Starbucks Sued For Burns From Hot Tea

A woman burned by hot tea at a Starbucks has sued the chain, alleging negligence. This will no doubt bring back memories of the infamous McDondald's coffee case of years past, where a woman sued after spilling hot coffee into her lap that she had purchased in a drive-through window. In San Francisco, or anywhere in the Bay Area, I cannot go to court and select a jury without hearing about that McDonald's coffee case from many, many prospective jurors. That case really touched a nerve with the public. Since the new case against Starbucks happened in New York, I looked at the reader comments on the NY Daily News website. No surprise: 44 out of 44 comments were negative about the case.

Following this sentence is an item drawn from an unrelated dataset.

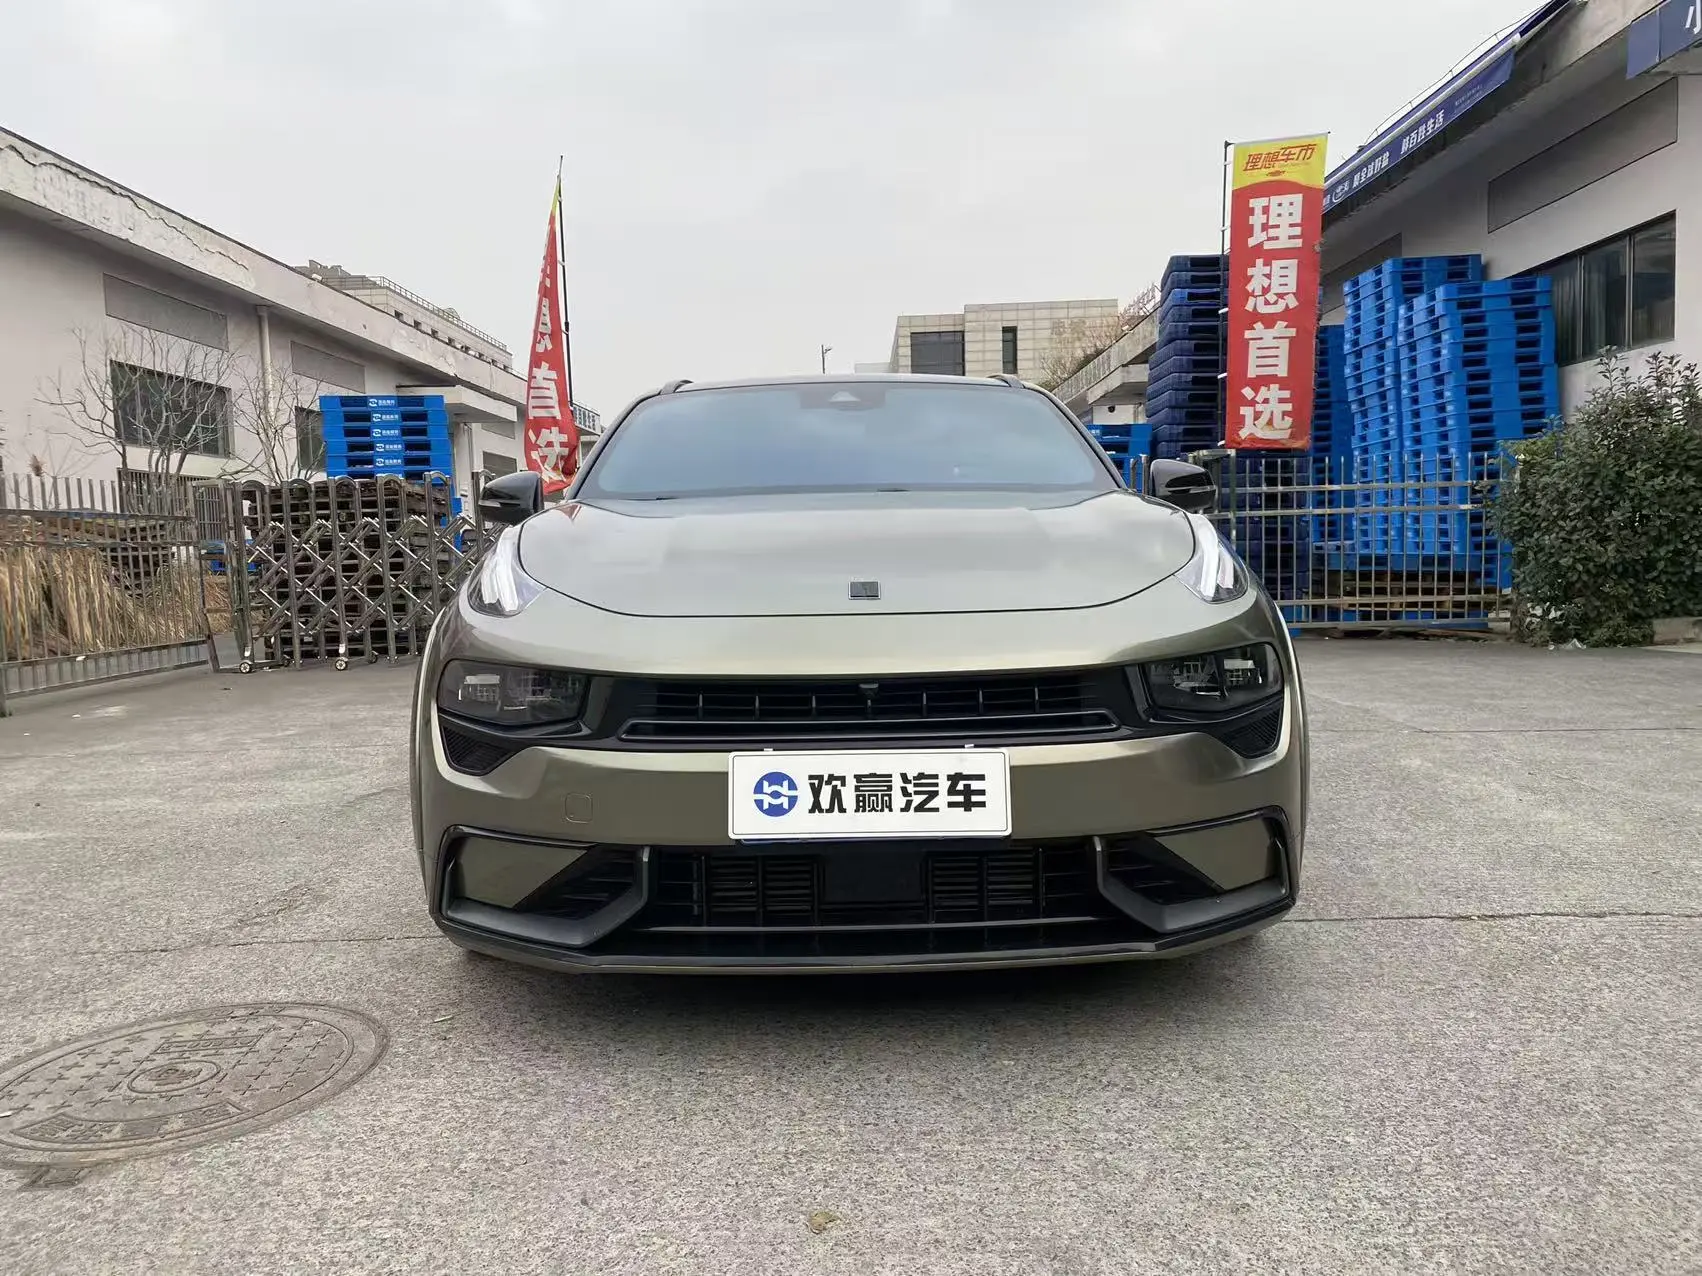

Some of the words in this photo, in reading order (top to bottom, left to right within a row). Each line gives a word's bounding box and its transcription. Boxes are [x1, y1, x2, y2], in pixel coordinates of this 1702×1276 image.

I have no idea whether this Starbucks case has merit or not. In the McDonald's case, the woman who was burned was able to prove to the jury that McDonald's was keeping its coffee about 40-50 degrees hotter than the industry standard, and that McDonald's knew that this had caused severe burns in over 700 people on prior occasions. If the plaintiff in this Starbucks case cannot show that Starbucks was out of line with the industry standards, as McDonald's was, I predict this case will fall flat, as most people seem to think it should. Either way, the publicity from this NY case is likely to cause more people to be skeptical about San Francisco personal injury lawsuits.